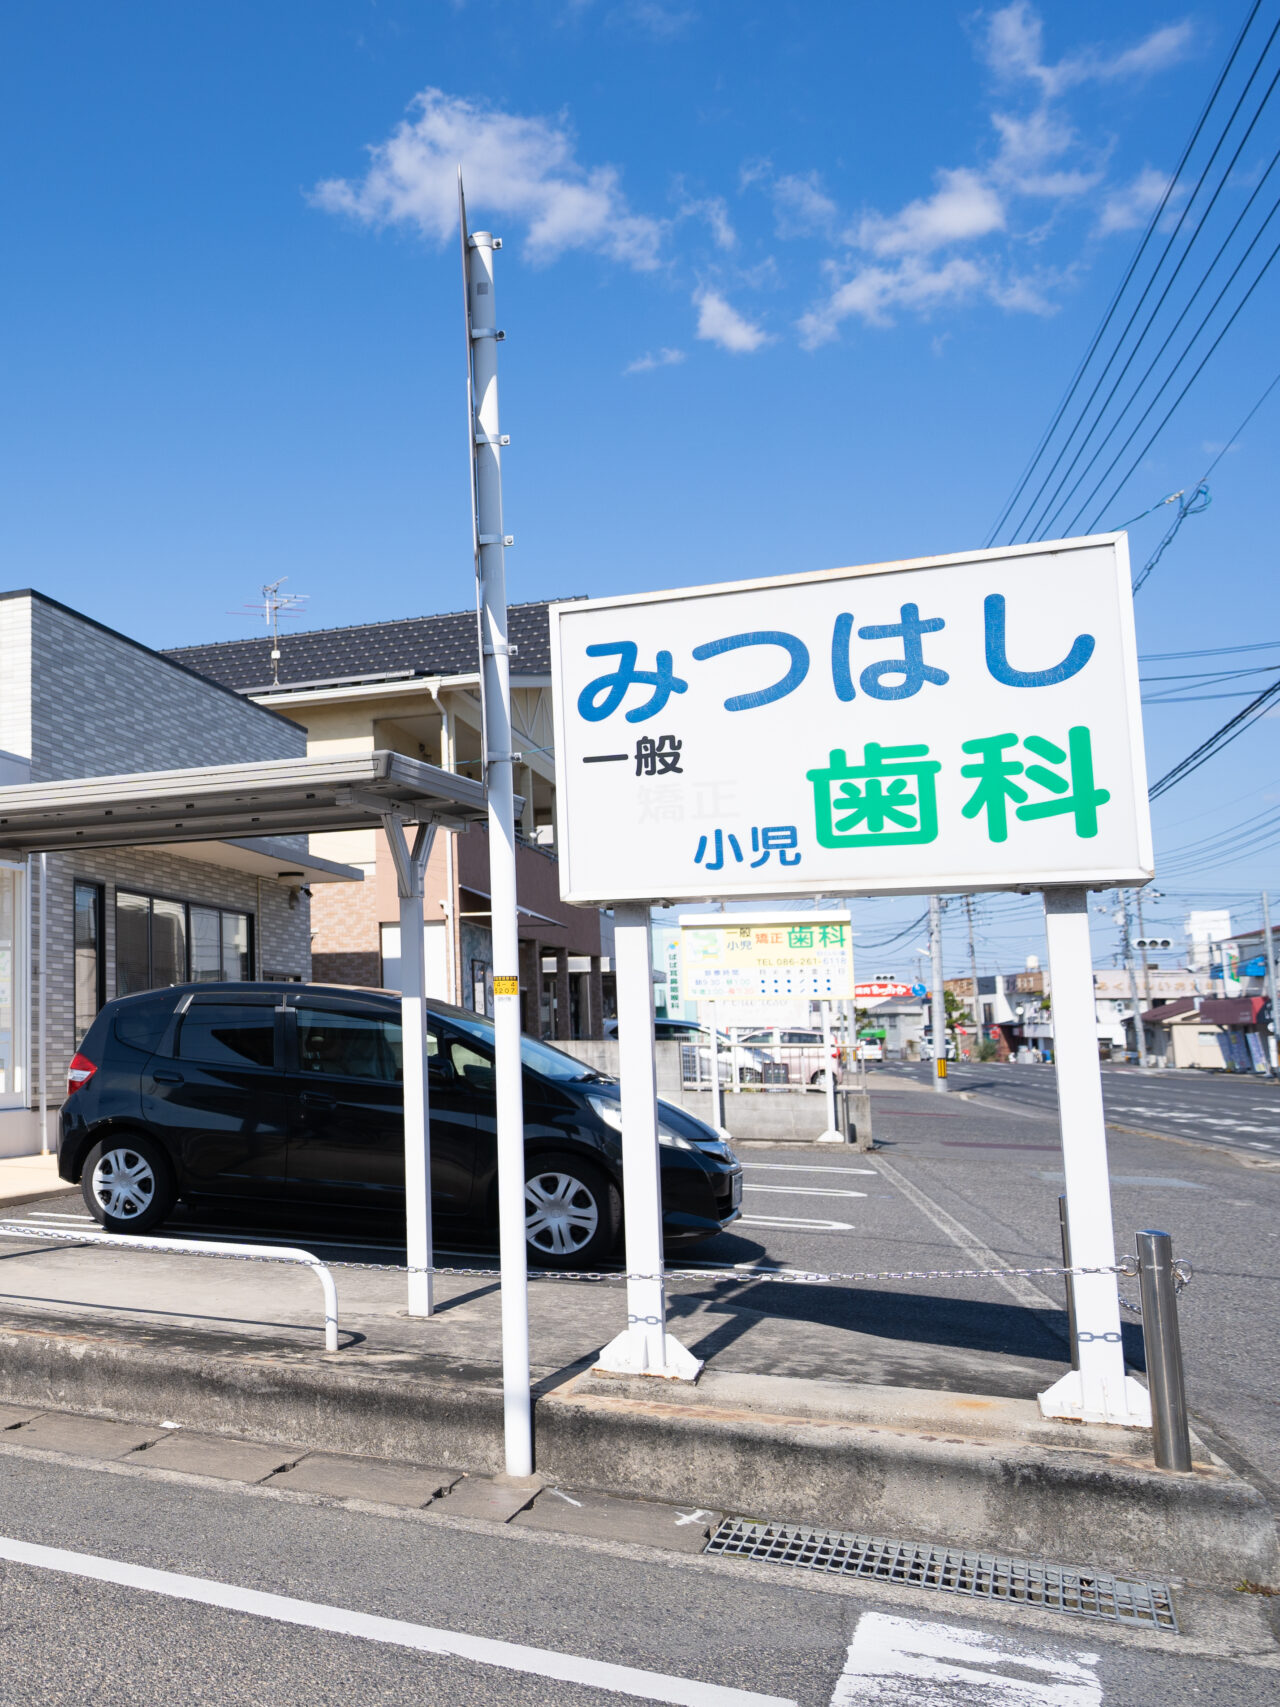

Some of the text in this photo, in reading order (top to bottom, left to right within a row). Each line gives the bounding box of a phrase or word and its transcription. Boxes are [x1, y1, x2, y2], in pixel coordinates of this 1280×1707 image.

[577, 593, 1096, 723] みつはし
[582, 735, 684, 777] 一般
[636, 779, 740, 824] 矯正
[806, 726, 1111, 849] 歯科
[693, 825, 802, 871] 小児
[726, 940, 752, 951] 小児
[755, 932, 783, 944] 矯正
[787, 924, 846, 949] 歯科
[757, 958, 773, 967] TEL

========================================

What is needed =>
When repeating the material above, keep every line exact and drop all pictures.

Written response =>
Some of the text in this photo, in reading order (top to bottom, left to right within a row). Each line gives the bounding box of a phrase or word and its transcription. Boxes are [x1, y1, x2, y2], in pixel coordinates of this 1280×1707 image.

[577, 593, 1096, 723] みつはし
[582, 735, 684, 777] 一般
[636, 779, 740, 824] 矯正
[806, 726, 1111, 849] 歯科
[693, 825, 802, 871] 小児
[726, 940, 752, 951] 小児
[755, 932, 783, 944] 矯正
[787, 924, 846, 949] 歯科
[757, 958, 773, 967] TEL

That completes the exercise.